Claude CLI exposes claude daemon remote-control add/remove/list, but that is for the directory/server REGISTRY, NOT for tearing down a live-listener process (codex round 2). The cleanup path is:

  1. rc.Down teardown: kill local PID (SIGTERM, then SIGKILL after 10s grace); remove marker; remove rc-state.json. That's it. The Claude service times out its own stale session entries on its own timeline.
  2. Optional registry hygiene: rc.Reset (operator emergency) may additionally invoke claude daemon remote-control remove <working_dir> to clean the dir-registry entry. Not in the per-project Down path — Reset only.

The earlier v2 proposal of claude daemon remote-control remove "fleet-coord-<project>" as a teardown semantic was wrong; codex round 2 caught the API-surface mismatch.


Attach-surface gates — the complete 6-site inventory (codex round 1)
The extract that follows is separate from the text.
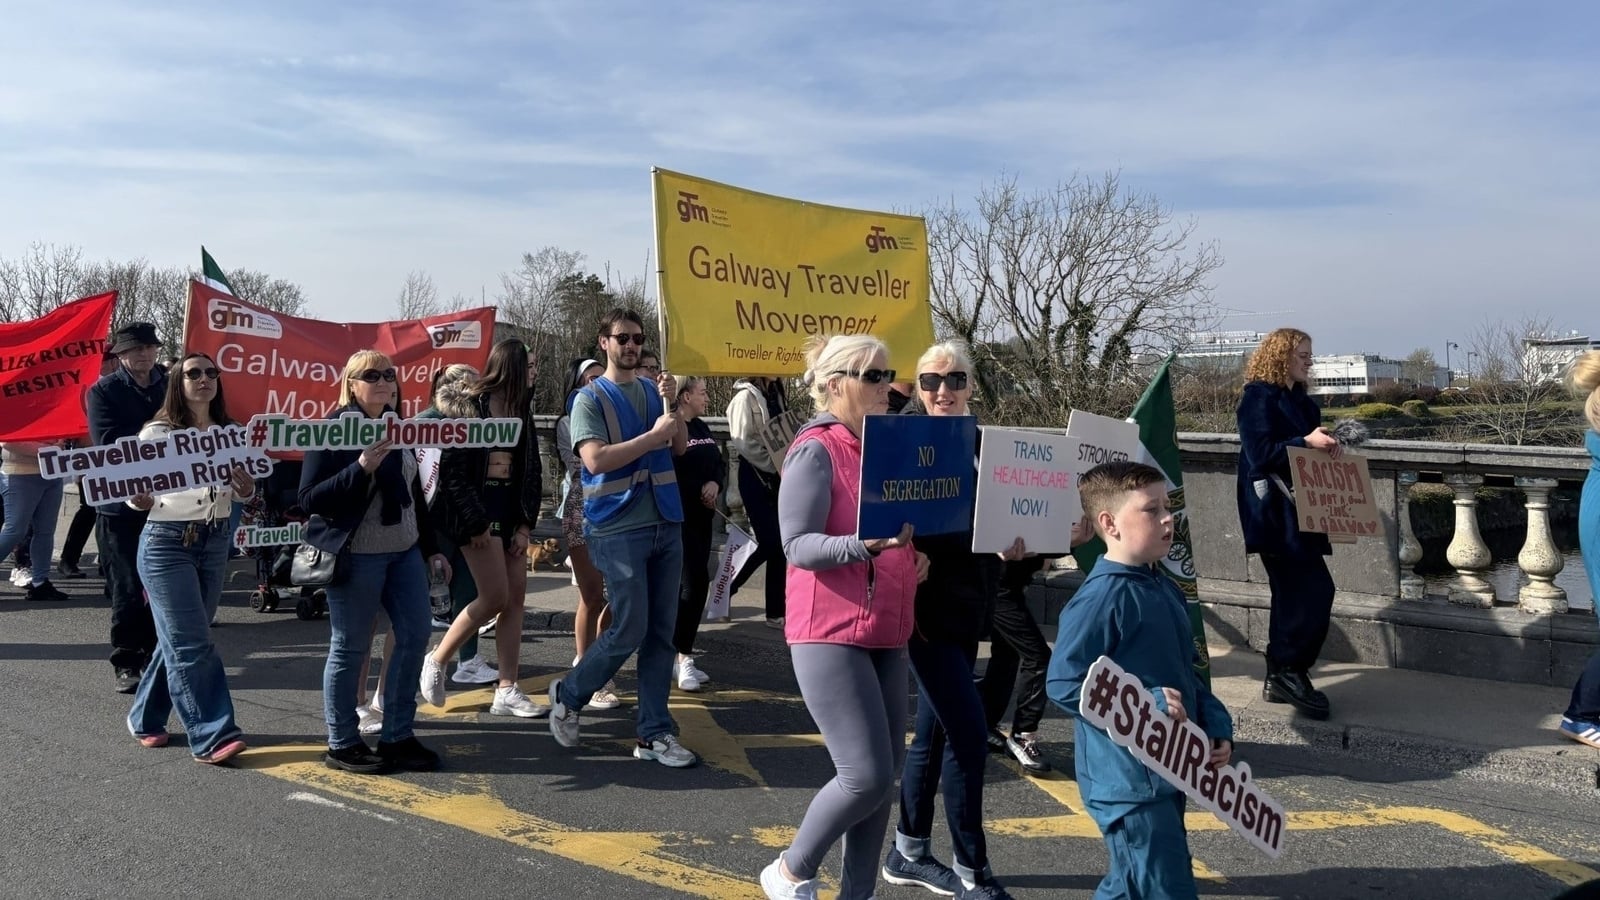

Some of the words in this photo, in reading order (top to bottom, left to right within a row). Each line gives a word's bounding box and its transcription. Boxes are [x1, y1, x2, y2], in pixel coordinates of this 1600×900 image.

Every site in fleet that either spawns the daemon OR injects the --remote-control flag onto a claude argv now calls rc.Enabled(project). Spawn-only sites are 3; flag-injection sites are 3 more — codex round 1 caught that I'd conflated them.

Daemon-spawn sites (3)

Site Today Post-design
(S1) skills/coordinator/remote_control.py:spawn_daemon_if_needed Coord tick respawns global fleet-coord daemon every 30s if absent Routes through controller (codex round 2): the Python function shells out via subprocess.run(["fleet", "rc", "up", project, "--idempotent"]) and returns based on outcome. Python no longer does its own pgrep/spawn — Go controller is the single owner. Per-project isolation via Claude daemon's dir-registry (working_dir field in rc-state.json), not prefix-filter renaming.
(S2) internal/handoff/handoff.go:FirstAction Embeds raw pgrep \|\| nohup claude remote-control bash in handoff doc Removes the bootstrap entirely. Replaces with: "To re-attach mobile/web pairing, run fleet rc connect <project> in your terminal." Handoff doc becomes operator instructions, not exec'd bash.
(S3) skills/fleet-guard/handoff.py:first_action Python byte-mirror of S2 Same as S2 — operator-instruction string, not bash. Byte-golden invariant preserved by updating BOTH sides symmetrically (Python EXPECTED_GOLDEN + Go TestRender_SkillByteGolden both rewrite).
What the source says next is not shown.